Five years ago in a feat of strength, Erin Lebois was one of six girls to balance herself from two 18-foot ladders held together by three men as a member of the University of Maryland’s Gymkana Troupe.
“[The] ladders [act] was what I did best,” she said of her time in the group.
Now, as a physical education teacher at Parr’s Ridge Elementary School in Mount Airy, Lebois was able to share her passion for gymnastics with her students by arranging a performance by the troupe at the school.
The acrobatic group, composed of 85 University of Maryland students, performed in front of about 300 students Friday, as an exciting end to a gymnastics unit in physical education.
The troupe performed two 60-minute sessions, which included aerial acrobatics, dance and gymnastics routines. As part of the act, students performed hanging rings stunts, as well as on trampolines and a vaulting box.
During their gymnastics unit, which ended about two weeks ago, Parr’s Ridge students were taught about weight transfer by learning how to perform cartwheels and hand stands. They also learned balance and tumbling skills.
“I hope [that the performance] inspires them to try new things,” Lebois said. “I think it’s great that [the students] get to see that both boys and girls can do gymnastics.”

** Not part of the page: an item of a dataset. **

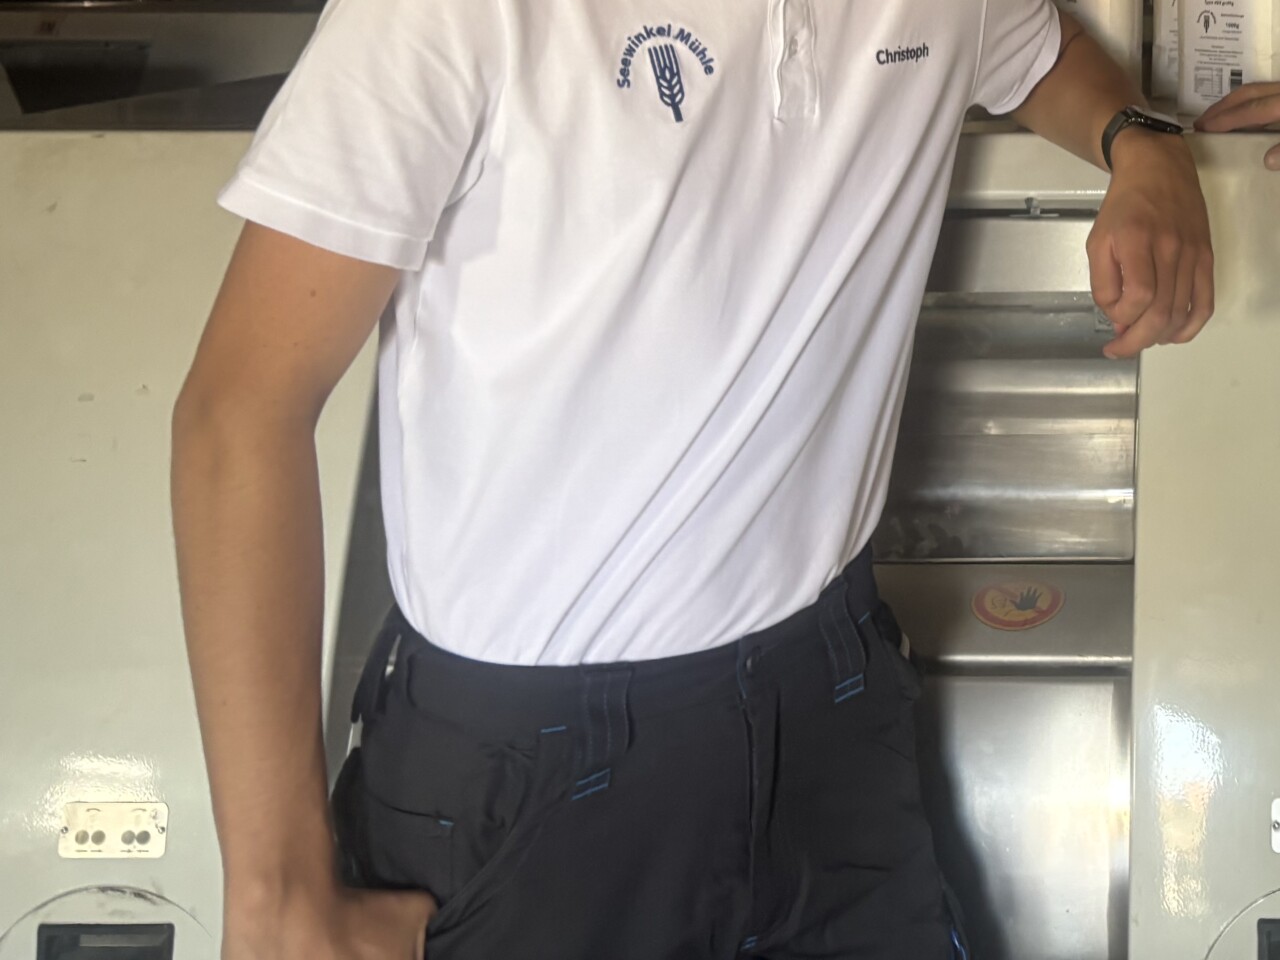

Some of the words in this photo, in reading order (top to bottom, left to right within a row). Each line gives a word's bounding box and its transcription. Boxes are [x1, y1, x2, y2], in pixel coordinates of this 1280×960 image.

[617, 24, 672, 89] Seewinkel
[673, 27, 714, 76] Mühle
[876, 43, 929, 65] Christoph

“My favorite thing was all the cool flips,” said Steele Fritchie, 7, a first-grader at the school.
The gymnastics group travels throughout the region to promote drug-free, healthy living to young people through its performances. Each member pledges to abstain from using drugs, alcohol and tobacco.
Lebois said that Gymkana team members are great role models for the elementary students.
“We always tell the kids ‘You want to keep your body healthy, exercise,’ and I think [Gymkana] has a great message,” she said.
Tristann Brown, a troupe member and University of Maryland senior, said that Gymkana can help reinforce the healthy living message that teachers give every day.
“I think it just makes a bigger impact than someone just telling them,” she said. “Seeing a flip is more memorable, so we hope it gets our message across.”
Claire Waters, 6, another first-grader, said she would like to join the troupe when she is older.
“I want them to come to my birthday party,” she said.
Claire said she’s been taking gymnastics classes for about a year and has learned how to do some tricks on the trampoline and uneven bars. Now, she said she is learning how to do a back handspring.
Devon Freed, 6, another first-grader, who has been practicing gymnastics for about three years, said that his favorite part of the troupe’s performance was their vaulting act.
“I like when [they flip] that they were up high in the air,” he said.